If I were looking for a new one today I'll head to: Men's Race Suits (skimo.co) 

They'll answer most any question you can ask and should be able to sort you out quickly.

Race suits are an acquired taste.  But once you try one, you'll likely know pretty quickly if it is for you or not.  The cost seemed a lot of money at the time.  But I've also got a good deal of use out of them and will continue to for some time yet.  Money well spent for me.   If you wear Lycra on a bike you are  probably doomed to own one.  And they look cool on any boot pack :)




So Skis?  Yep I am excited about a new ski that I can find little to no info on.

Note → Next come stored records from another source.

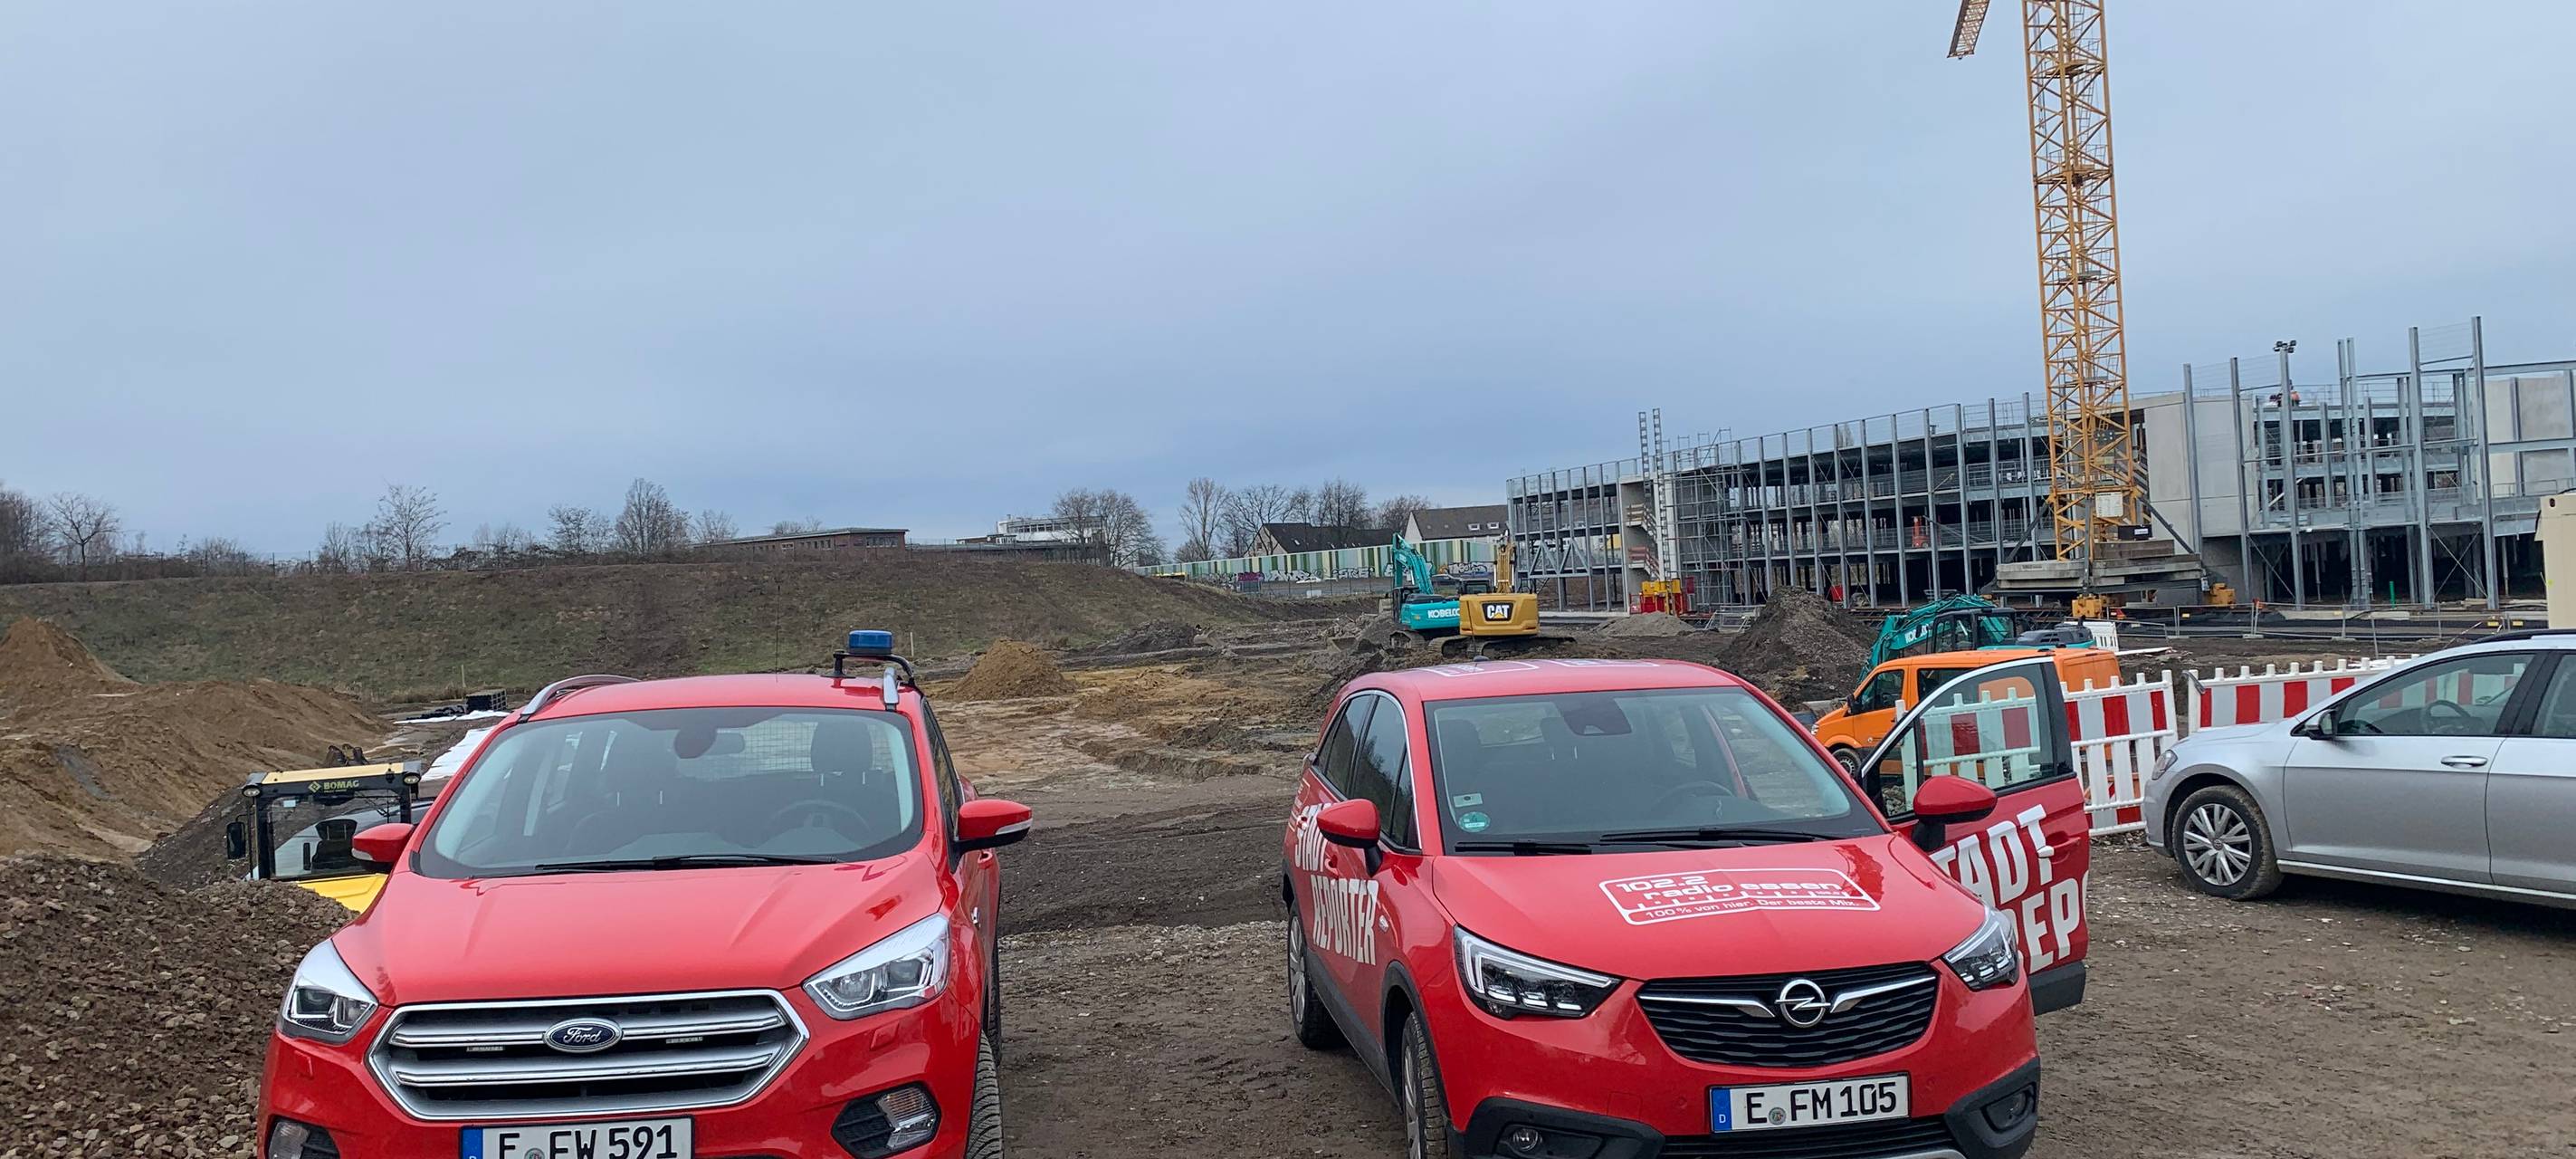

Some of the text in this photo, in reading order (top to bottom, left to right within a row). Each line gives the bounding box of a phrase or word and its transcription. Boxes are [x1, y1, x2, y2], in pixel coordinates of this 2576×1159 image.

[1487, 605, 1510, 619] CAT
[1616, 876, 1709, 893] 102.2
[1643, 882, 1843, 901] radio essen
[1722, 900, 1753, 909] hier.
[1757, 899, 1783, 907] Der
[1787, 899, 1827, 907] beste
[1311, 875, 1379, 966] REPORTER
[563, 1026, 601, 1044] Ford
[1746, 1081, 1896, 1125] E FM 105
[1719, 1114, 1726, 1124] D
[608, 1125, 678, 1159] 591

I have been a big fan of Dynafit since the TLT5.  Most of the skis I do use are still Dynafit.  There are 2 dozen pairs of skis in my shop, many still unmounted.   I just slowed down mounting and testing once I found a couple of skis I really liked and was writing less.   But may be I am just a hoarder?!  I had a chance to go to Las Lenas late summer of 2015.   And lucky enough to snag a pair of early Dynafit Denalis to take along.  I simply loved the ski.  There on a mostly Spring corn or glare ice conditions.    I looked for the ski on sale the next summer and was able to buy a couple of spare pair, cheap.  But still skiing on my original pair that have been drilled twice.  The early word came down that the Denali was breaking and was going to be discontinued and then replaced.  I thought bummer!  At least we'll get another ski like it.  The replacement was called the Dhaulagiri and bright pumpkin orange in color.  

The 176 Denali weighted in at 2# 12oz for one ski.
The 177 Dhaulagiri was @ 3# even for one ski.

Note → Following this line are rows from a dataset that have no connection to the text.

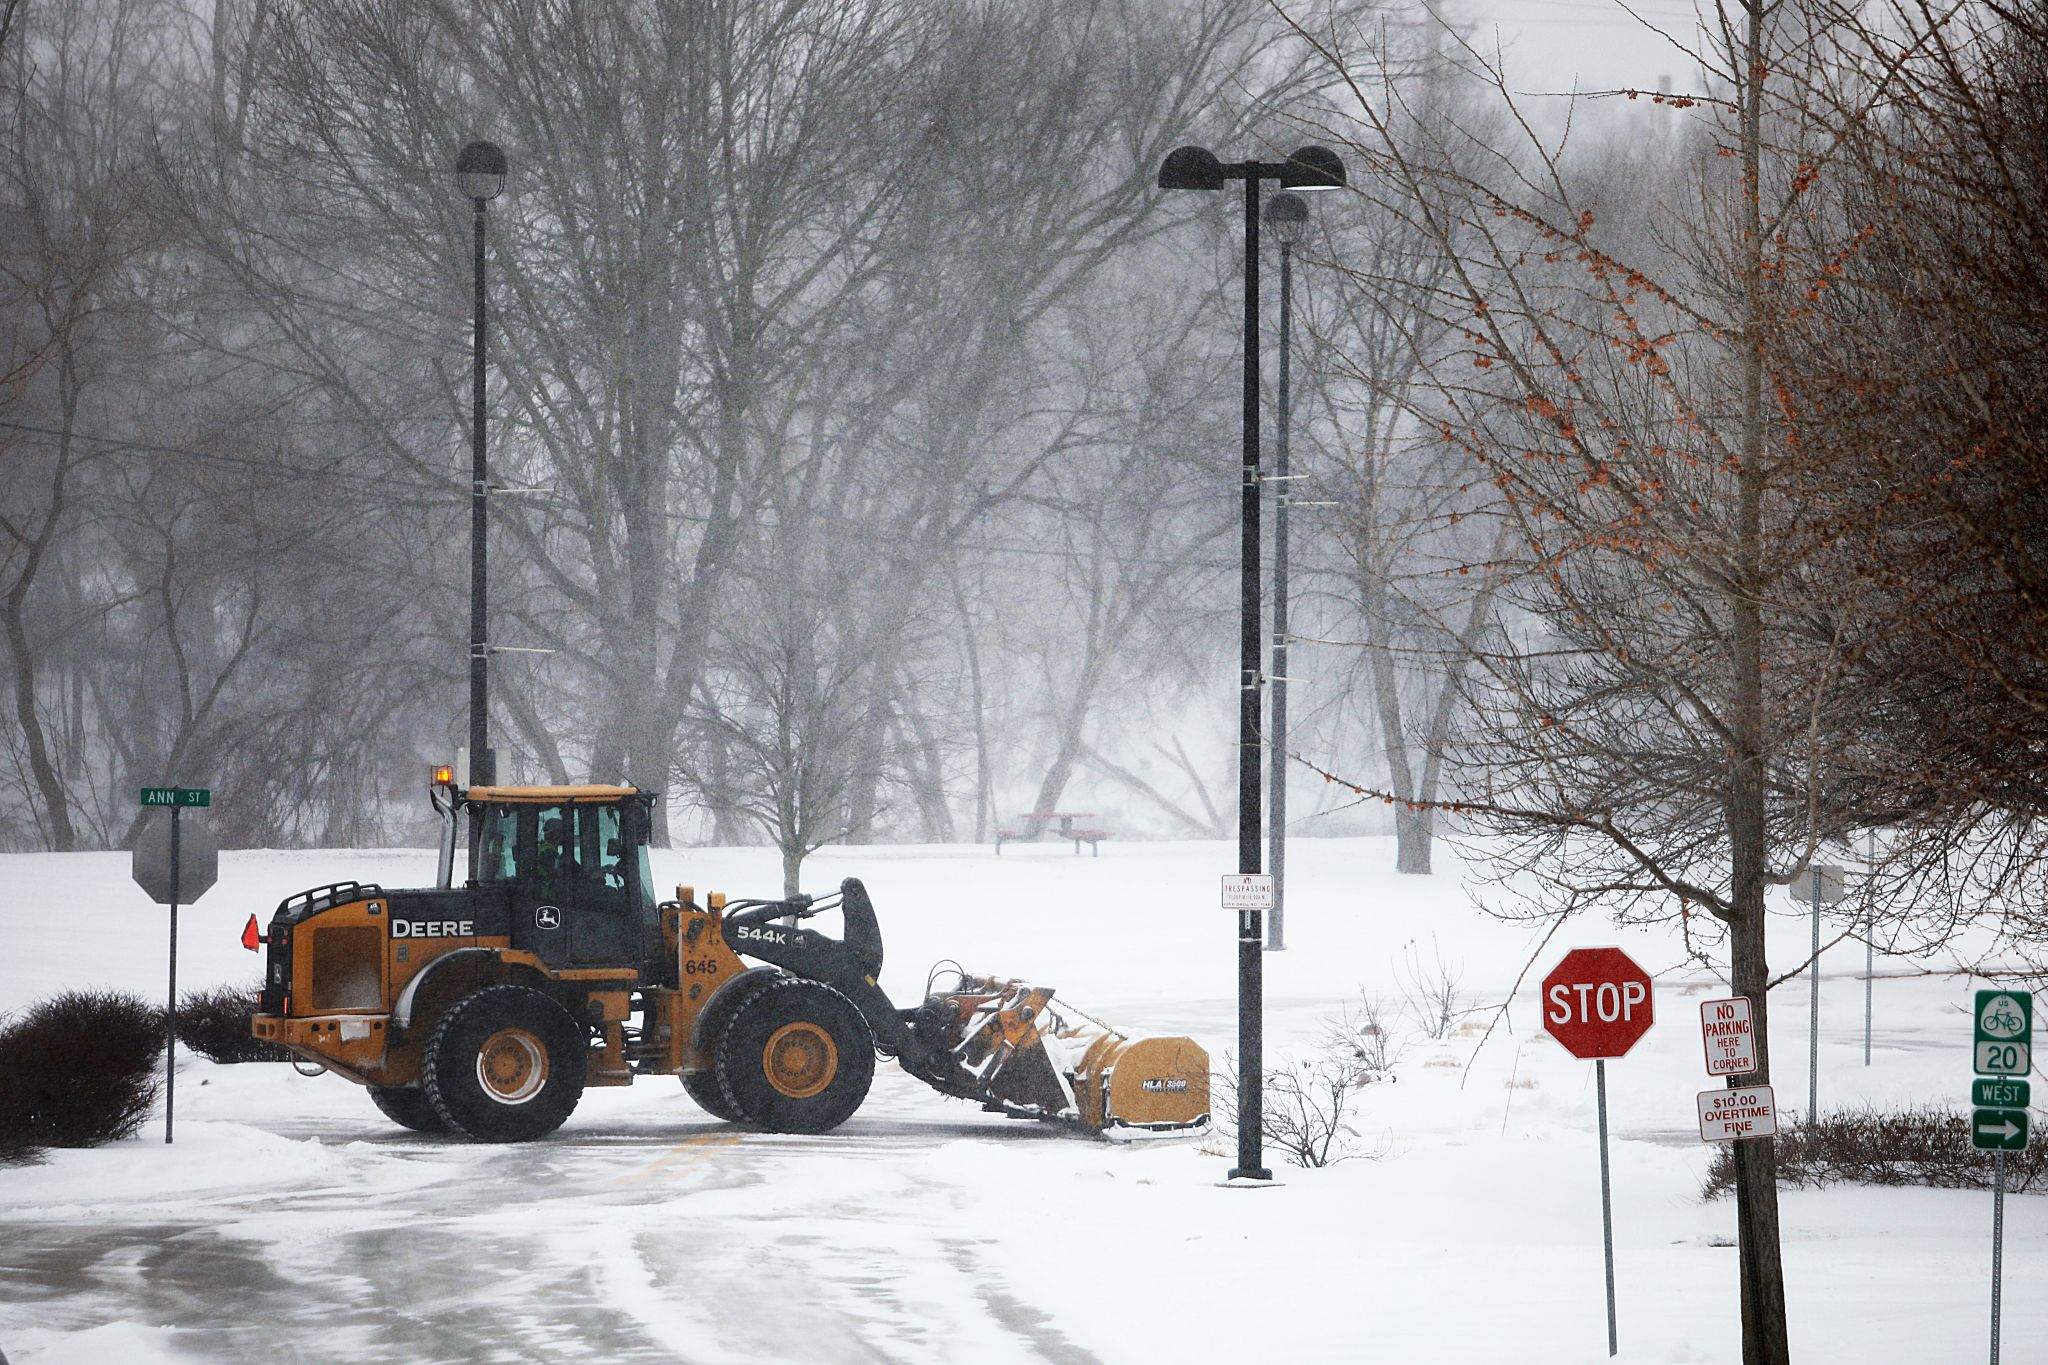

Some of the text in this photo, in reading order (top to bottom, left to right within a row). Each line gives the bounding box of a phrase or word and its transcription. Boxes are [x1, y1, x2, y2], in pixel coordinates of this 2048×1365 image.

[148, 790, 201, 804] ANN ST
[392, 919, 474, 938] DEERE
[737, 926, 786, 945] 544K
[686, 960, 717, 974] 645
[1549, 981, 1646, 1024] STOP
[1717, 1004, 1735, 1019] NO
[1705, 1020, 1749, 1037] PARKING
[1717, 1036, 1740, 1047] HERE
[1724, 1047, 1736, 1058] TO
[1987, 1045, 2017, 1069] 20
[1713, 1057, 1749, 1070] CORNER
[1142, 1080, 1162, 1089] HLA
[1982, 1084, 2020, 1101] WEST
[1713, 1095, 1757, 1109] $10.00
[1705, 1106, 1770, 1121] OVERTIME
[1724, 1121, 1753, 1132] FINE

Your probably asking, "why do I care?" by now.  You may not but here is why it interests me.

Enter the new Black Light 95.
The Black Light 178 weights in at the same old 2#12oz for one ski  or 1247gr. in my 178cm length.
 
All these skis are/were '95 plus under foot  I found the Denali and amazing all mountain ski.  Back country, touring, even lift skiing.  Amazing on ice and hard snow.  Good for the width in soft.  I really like it.  And have yet to break a pair.  The  Dhaulagiri is virtually the same ski as the Denali for side cut and rocker, "I think",  but I have yet to ski them.   The plan was I would mount them after I broke my current Denali.  Not happened yet.

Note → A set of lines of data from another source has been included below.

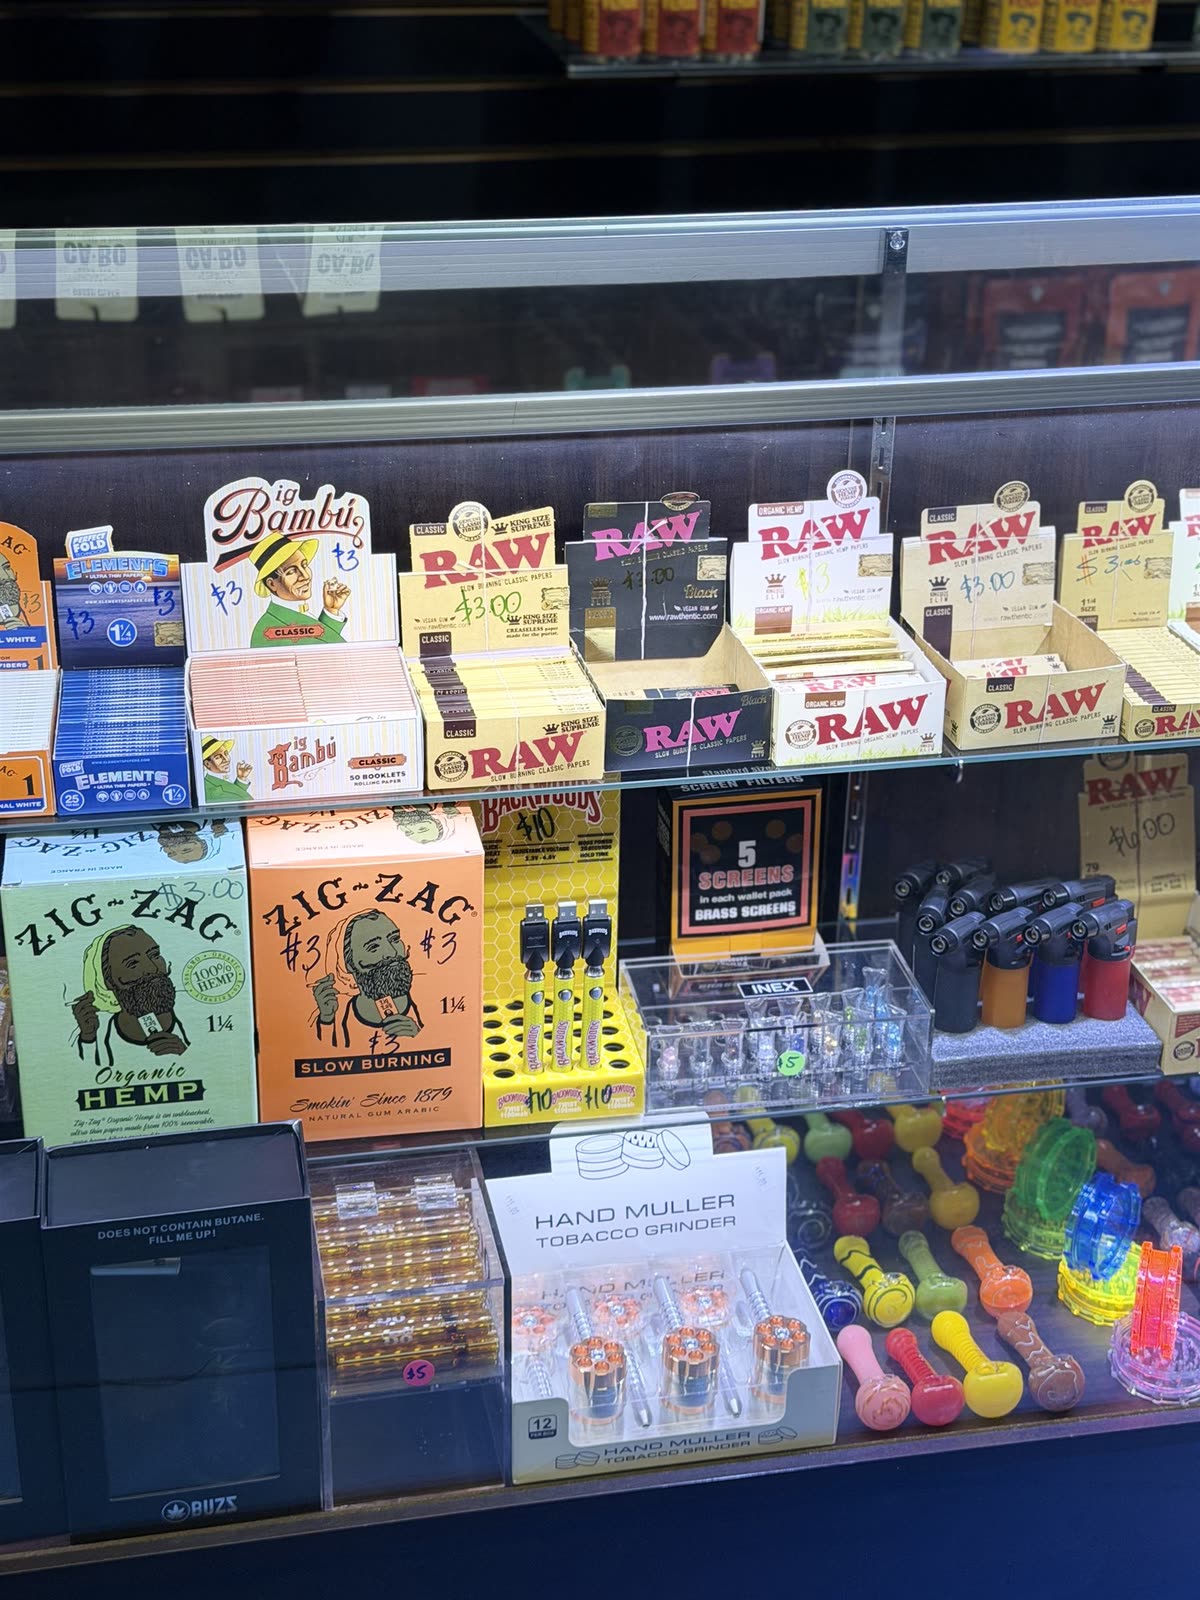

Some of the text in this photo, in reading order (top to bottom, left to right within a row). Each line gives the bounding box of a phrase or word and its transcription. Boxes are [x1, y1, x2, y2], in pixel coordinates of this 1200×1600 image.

[759, 505, 803, 515] ORGANIC HEMP
[929, 514, 955, 522] CLASSIC
[510, 514, 550, 526] KING SIZE
[511, 521, 551, 533] SUPREME
[416, 525, 445, 534] CLASSIC
[592, 511, 701, 561] RAW
[758, 509, 870, 560] RAW
[1082, 514, 1157, 548] RAW
[73, 533, 105, 544] PERFECT
[926, 511, 1035, 565] RAW
[73, 540, 106, 553] FOLD
[419, 532, 551, 589] RAW
[66, 558, 169, 580] ELEMENTS
[505, 576, 528, 585] CLASSIC
[531, 572, 552, 580] PAPERS
[684, 584, 718, 598] Black
[960, 571, 1015, 603] $3.00
[211, 580, 243, 616] $3
[650, 613, 718, 621] www.rawthentic.com
[926, 608, 951, 617] CLASSIC
[275, 628, 315, 636] CLASSIC
[421, 635, 450, 644] CLASSIC
[988, 683, 1013, 692] CLASSIC
[806, 700, 828, 708] ORGANIC
[1004, 682, 1107, 729] RAW
[1153, 705, 1175, 713] CLASSIC
[560, 719, 580, 727] KING
[561, 722, 600, 732] SUPREME
[815, 694, 928, 745] RAW
[1030, 721, 1052, 733] BURNNG
[1055, 717, 1078, 728] CLASSIC
[1081, 712, 1101, 722] PAPERS
[446, 729, 474, 737] CLASSIC
[643, 710, 740, 752] RAW
[864, 735, 884, 744] ORGANIC
[886, 732, 899, 740] HEMP
[901, 728, 919, 736] PAPERS
[359, 757, 397, 766] CLASSIC
[468, 731, 584, 779] RAW
[363, 771, 406, 780] BOOKLETS
[491, 760, 591, 782] SLOW BURNING CLASSIC PAPERS
[22, 774, 35, 796] 1
[75, 770, 169, 790] ELEMENTS
[681, 776, 804, 792] SCREEN FILTERS
[1087, 765, 1180, 806] RAW
[65, 795, 79, 803] 25
[517, 807, 555, 841] $10
[738, 840, 756, 868] 5
[1086, 863, 1099, 872] 79
[699, 865, 794, 890] SCREENS
[700, 888, 792, 904] in each wallet pack
[695, 901, 796, 921] BRASS SCREENS
[193, 962, 232, 982] 100%
[197, 972, 234, 992] HEMP
[751, 980, 799, 994] INEX
[301, 1052, 446, 1074] SLOW BURNING
[95, 1062, 186, 1087] Organic
[83, 1082, 198, 1110] HEMP
[289, 1086, 453, 1113] Smokin' Since 1879
[107, 1115, 133, 1123] Organic
[308, 1106, 440, 1122] NATURAL GUM ARABIC
[71, 1128, 88, 1136] ultra
[89, 1127, 102, 1135] thin
[142, 1122, 159, 1131] from
[535, 1194, 735, 1230] HAND MULLER
[97, 1212, 265, 1240] DOES NOT CONTAIN BUTANE.
[536, 1215, 737, 1249] TOBACCO GRINDER
[149, 1230, 216, 1245] FILL ME UP!
[407, 1364, 427, 1380] $5
[534, 1418, 551, 1430] 12
[604, 1430, 751, 1456] HAND MULLER
[604, 1439, 751, 1465] TOBACCO GRINDER

The '95 Black light  I have to assume was a replacement for the Denali/Dhaulagiri size touring ski.   It is a slightly different shape and rocker.  And will obviously ski a little longer.  But a 177 aint gonna ski very "long" at any time.   Either way I wanted a pair.  Just wasn't willing  to fork out $750 for the experience.  As I said I have plenty of skis.  BackCountry.com was running them on sale this week.  $599 for a pair.  I bought in.
       
The Black Light I'll mount with race bindings and ski hard.   Should be fun to give some feed back once I get them on snow.  

Skis?  I am still looking for the magic ski that rules them all for my purposes :)  The stoke is back!